Valdiva et. al used their figures and tables well in the paper. Figure 1 is a map of
Chile showing the six different sampling sites, which helps to distinguish the northern
localities from the southern ones. Table 1 shows the average lengths of the fish caught at
the different ports. This is useful because this data is later used in a multivariate
ordination to support a differentiation in a northern Chilean stock from a southern
Chilean stock. The data from Table 2(the prevalence and intensity of infection of a
specific parasite species at each location) is also in the multivariate ordination (Figure 2).
Tilapia (Oreochromis sp., Sarotherodon sp., Tilapia sp.)
Abiotic Factor:
Wang, L-H. & Tsai C-L. (2000) Temperature affects the development of central
neurotransmitter systems of tilapia, Oreochromis mossambicus. Neuroscience
Letters, 285: 95-98
Wang and Tsai looked at whether temperature played a role in the
neurotransmitter system of Common Tilapia, or Oreochromis mossambicus.
Wang and Tsai found that by raising zero-day hatchlings at a range of
temperatures—20º (lower), 24º (control), and 28º and 32º (elevated)—produced
differences in the content of brain serotonin (5-HT), norepinephrine (NE), aminobutyric acid (GABA), and glutamate (Glu) as those hatchlings developed over 25
days. The neurotransmitter contents were sampled in 5-, 10-, 15-, 20-, and 25-day-olds.
The authors found that within each neurotransmitter investigated the experimental
elevated temperature hatchlings had the highest contents. The lower temperature fish had
significantly less neurotransmitter contents. This shows that hatchling temperature is
critical in determining neurotransmitter content in Common Tilapia.

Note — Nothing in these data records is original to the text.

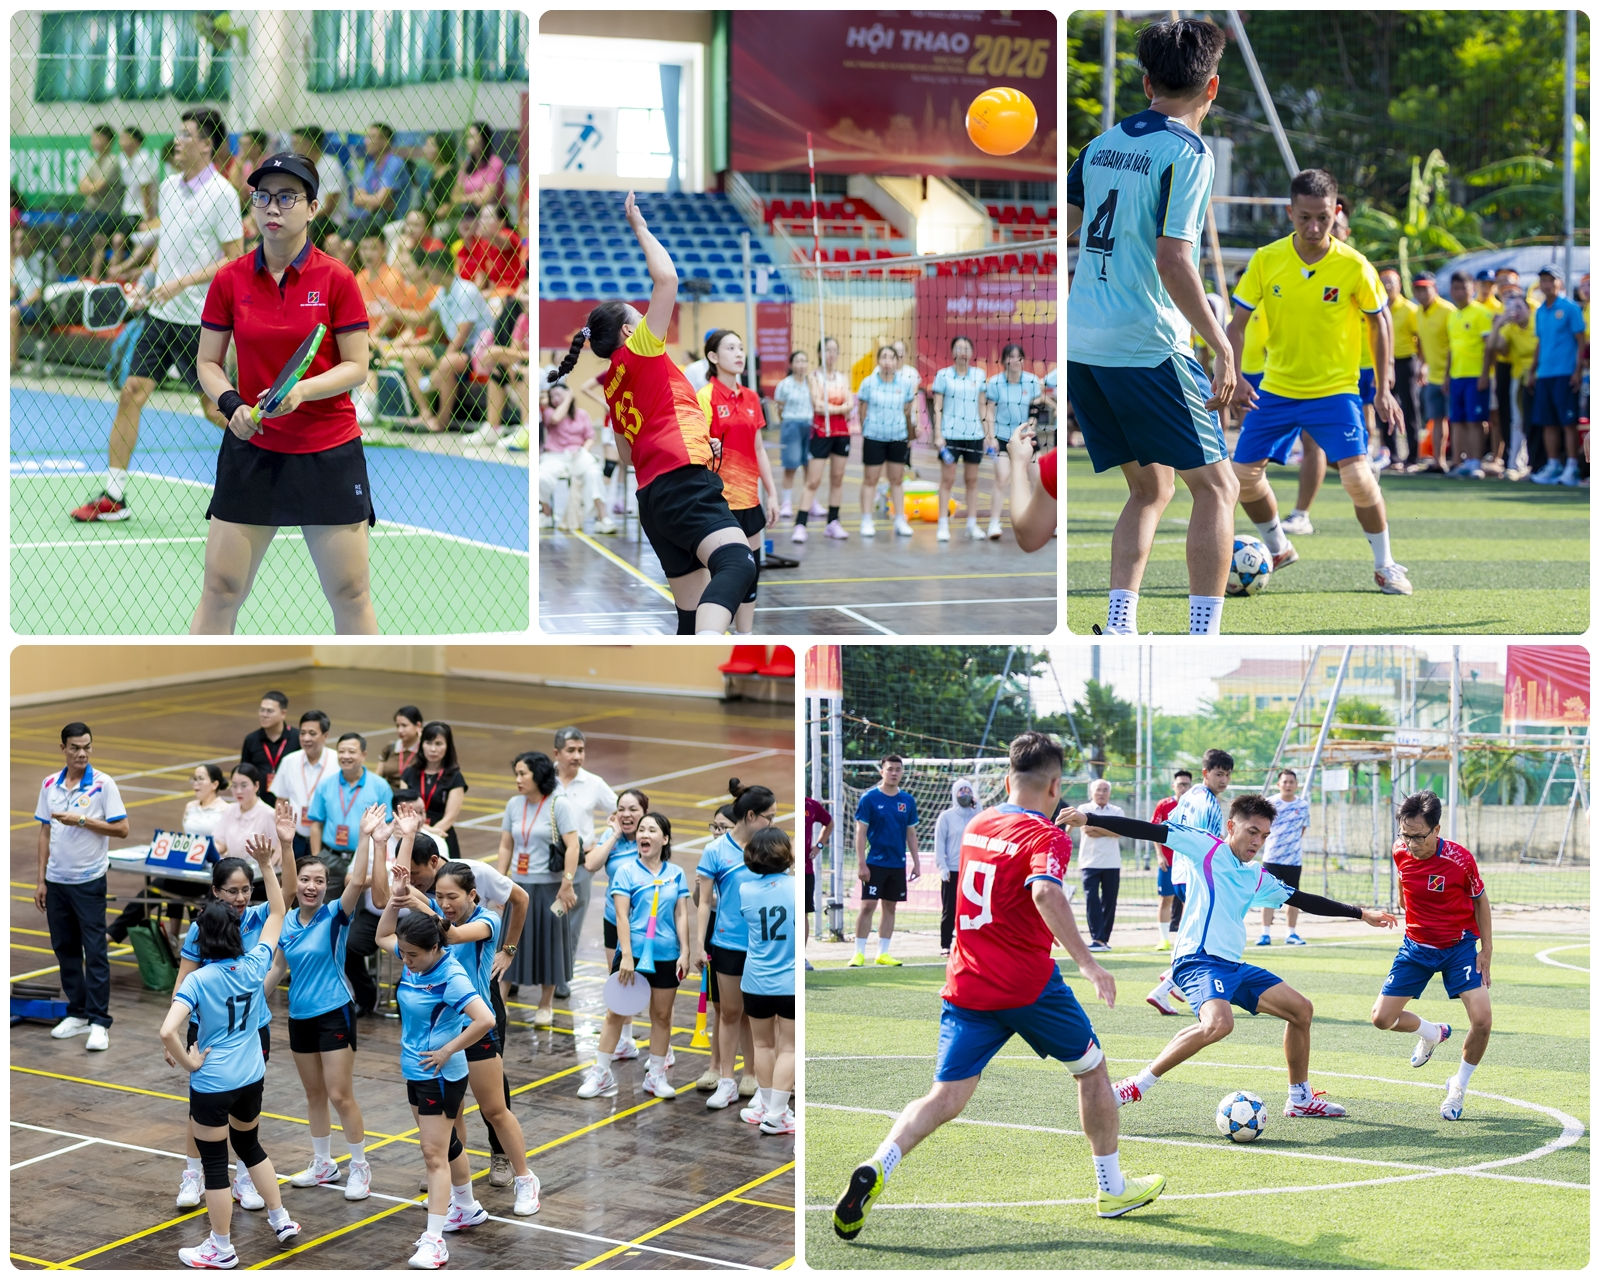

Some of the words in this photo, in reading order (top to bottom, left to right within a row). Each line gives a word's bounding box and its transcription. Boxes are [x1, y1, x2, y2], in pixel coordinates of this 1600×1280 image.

[846, 22, 895, 55] HỘI
[900, 28, 970, 54] THAO
[967, 34, 1050, 79] 2026
[1086, 189, 1119, 282] 4
[154, 839, 169, 857] 8
[190, 844, 205, 862] 2
[869, 885, 877, 896] 12
[959, 860, 997, 931] 9
[758, 905, 787, 941] 12
[1214, 979, 1225, 993] 8
[1463, 965, 1472, 981] 7
[226, 992, 253, 1036] 17

The authors only presented one figure with four parts to help explain their results.
Although the figure is quite dense, it does a good job at showing all the major results of
the experiment. It graphs the specific neurotransmitter content by age and temperature.

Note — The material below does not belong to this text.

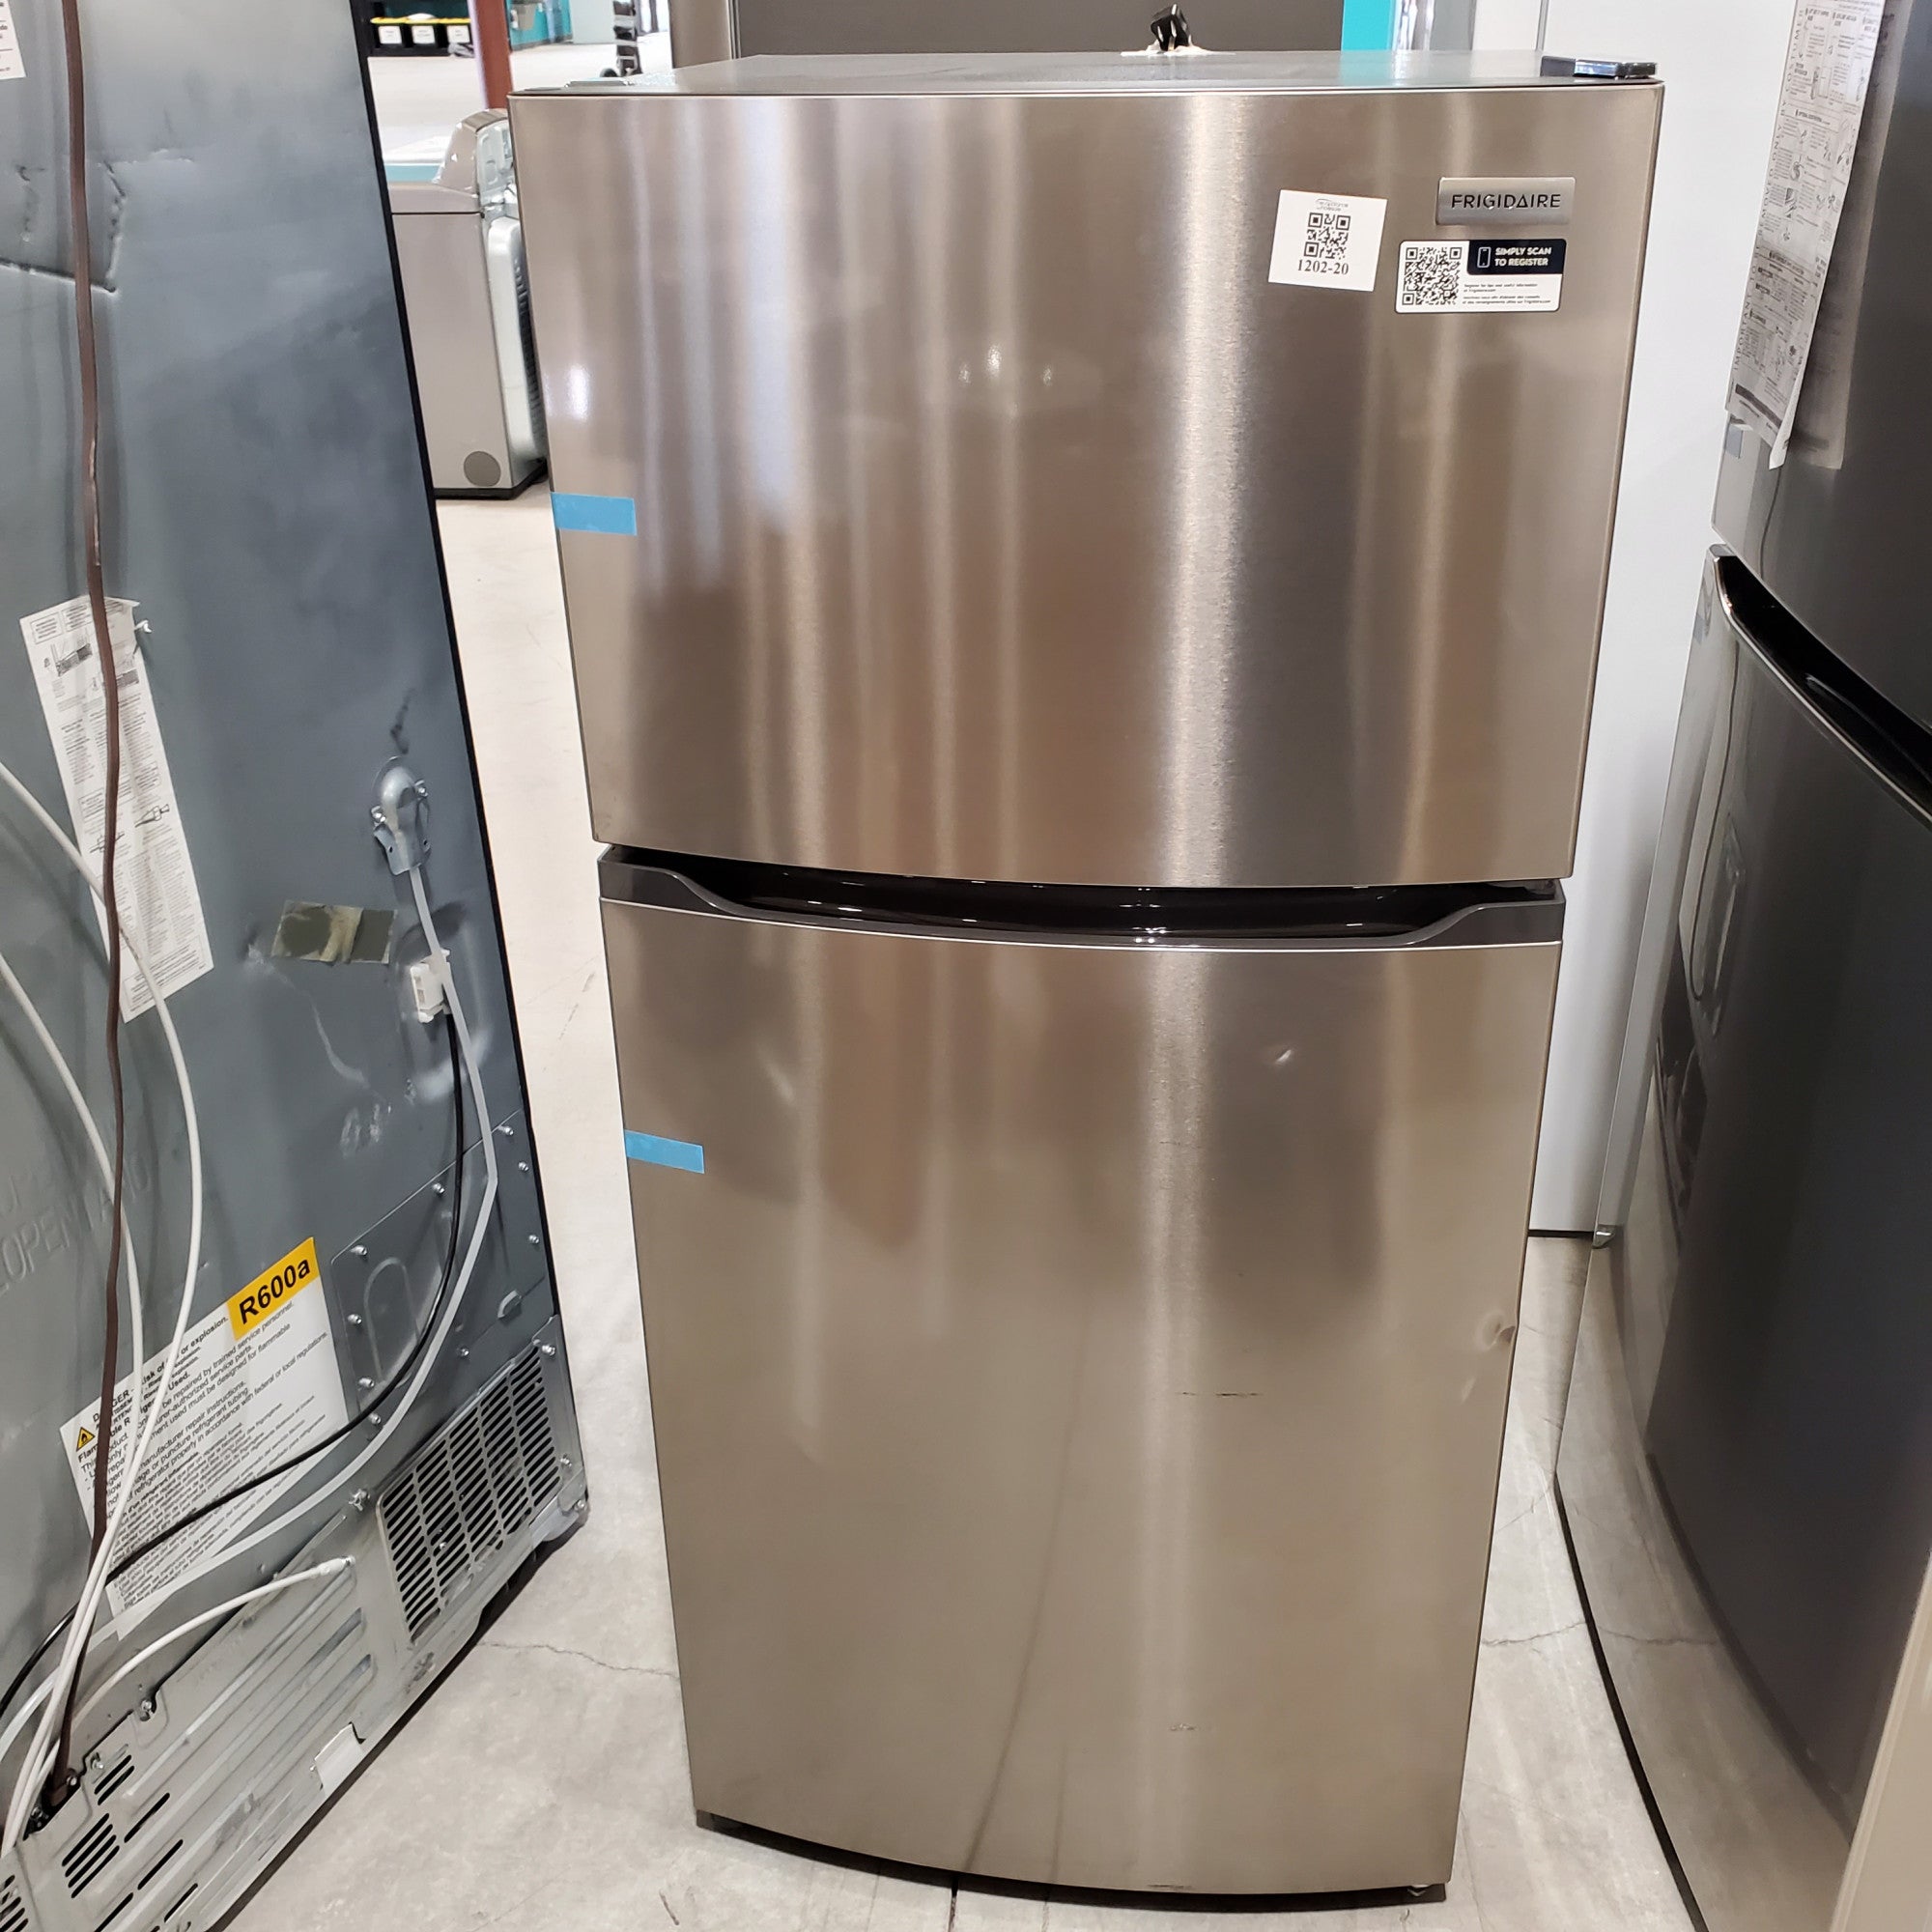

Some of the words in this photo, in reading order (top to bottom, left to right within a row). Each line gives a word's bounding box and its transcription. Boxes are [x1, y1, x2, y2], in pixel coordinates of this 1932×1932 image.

Bars are used to show whether or not the results are statistically significant from each
other, and thus, the reader can make various comparisons in which results are proven to
be significant.
Biotic Factor:
Zengeya, T. A. & Marshall, B. E. (2007). Trophic interrelationships amongst cichlid
fishes in a tropical African reservoir (Lake Chivero, Zimbabwe). Hydrobiologia
592:175–182.
Zengeya and Marshall investigated the diet of seven cichlid species found in Lake
Chivero to find whether there is fine niche partitioning and little competition or a high
degree of diet overlap and high rates of interspecies competition.

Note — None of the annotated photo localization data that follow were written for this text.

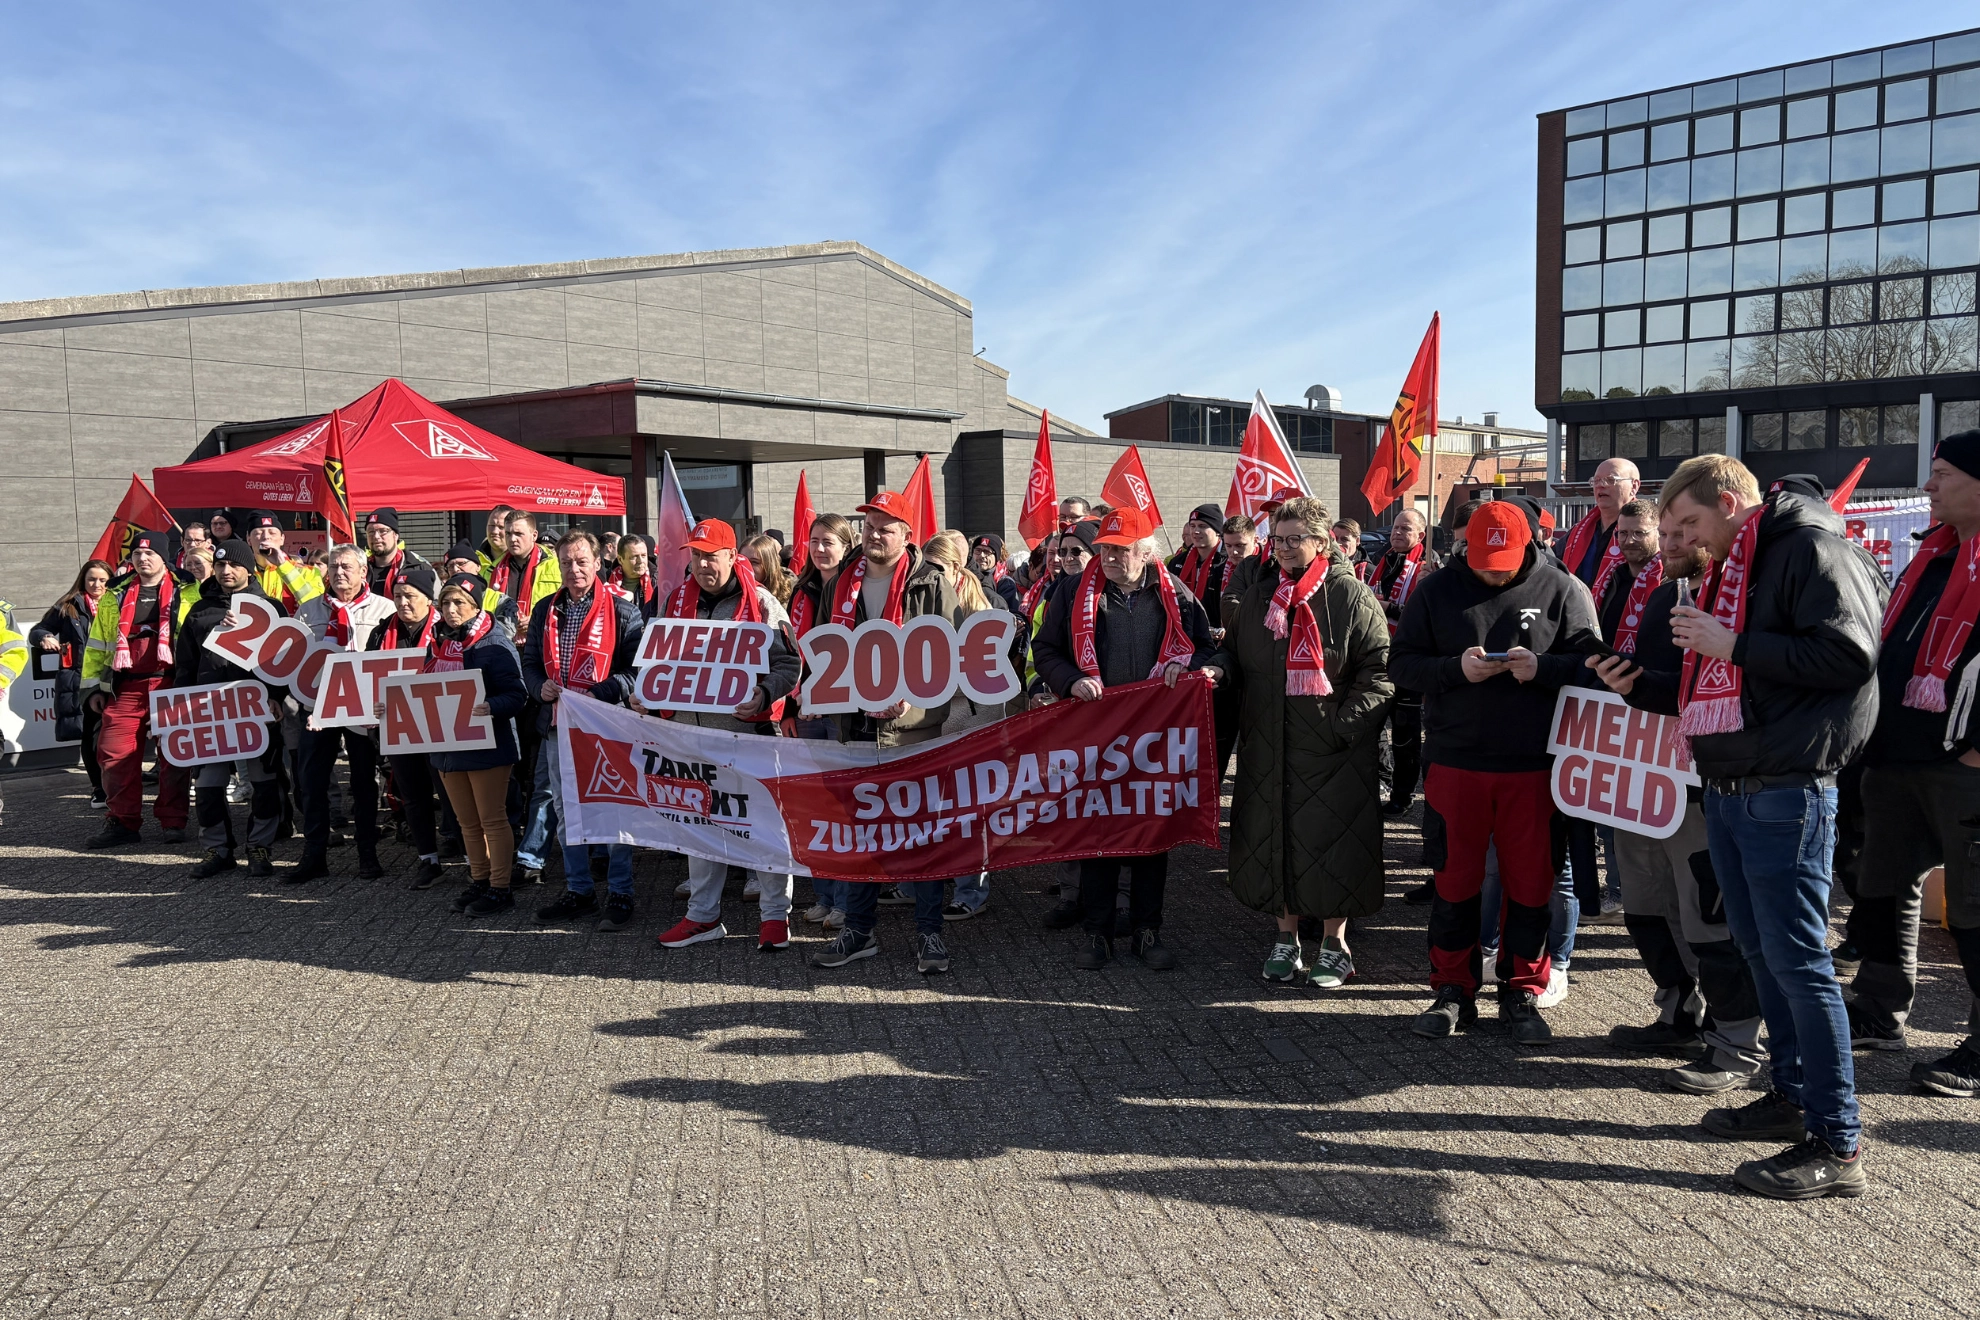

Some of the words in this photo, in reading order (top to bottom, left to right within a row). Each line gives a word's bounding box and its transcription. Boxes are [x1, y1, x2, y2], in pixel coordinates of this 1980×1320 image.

[245, 481, 275, 491] GEMEINSAM
[275, 481, 285, 491] FÜR
[285, 483, 295, 492] EIN
[262, 492, 278, 501] GUTES
[278, 493, 295, 502] LEBEN
[507, 485, 554, 497] GEMEINSAM
[554, 487, 570, 497] FÜR
[570, 489, 582, 498] EIN
[536, 497, 559, 505] GUTES
[560, 498, 582, 507] LEBEN
[1715, 556, 1745, 633] JETZT
[642, 624, 766, 665] MEHR
[809, 619, 1010, 705] 200€
[641, 664, 749, 706] GELD
[156, 685, 266, 728] MEHR
[385, 679, 487, 746] ATZ
[167, 721, 263, 761] GELD
[852, 727, 1199, 820] SOLIDARISCH
[1558, 754, 1677, 828] GELD
[683, 815, 691, 824] &
[988, 777, 1199, 835] GESTALTEN
[807, 814, 977, 853] ZUKUNFT

Zengeya and Marshall found that the seven cichlid species could be categorized
into four groups based on diet—the two microphages, the two macrophages, the two
small omnivores, and one piscivore. Oreochromis niloticus and O. macrochir, the two
blue-algae feeding microphages, had significant dietary overlap. This has resulting in the
introduced O. niloticus becoming the dominant species within that niche. Overlapping
diet niches in the two macrophages, Tilapia sparrmanii and T. rendalli, has also led to the
decline in abundance of T. rendalli and the increase in T. sparrmanii. Zegeya and
Marshall found that in the two small omnivores—Pharyngochromis acuticeps and
Pseudocrenilabrus philander—direct interspecies competition is avoided by looking for
food in different habitats. While P. philander prefers weedy vegetation, P. acuticeps
inhabits more open waters. In the fourth category—the piscivorous fish, there is only one
cichlid species, so Serranochromis robustus acted as the top predator in Lake Chivero.
In Zegeya’s and Marshall’s tables and figure are all effective in addressing their
question of the diet overlap between the seven cichlids in Lake Chivero. Table 1 shows
the number collected, the percentage of empty stomachs, and the relative fullness of the
seven cichlid species. This table helps to show if there is difference between the overall
average percent of empty stomachs 26.3 % and the individual species’ percentages.
Table 2 is a summary of the size of prey by volume in each of the fishes. This helps to
show what type and size is the dominant food item for each of species, and it is used to
create the prey pie charts for each species in Figure 1. Finally, Table 3 shows the overall
results of the question addressed by specifying the significant dietary overlaps.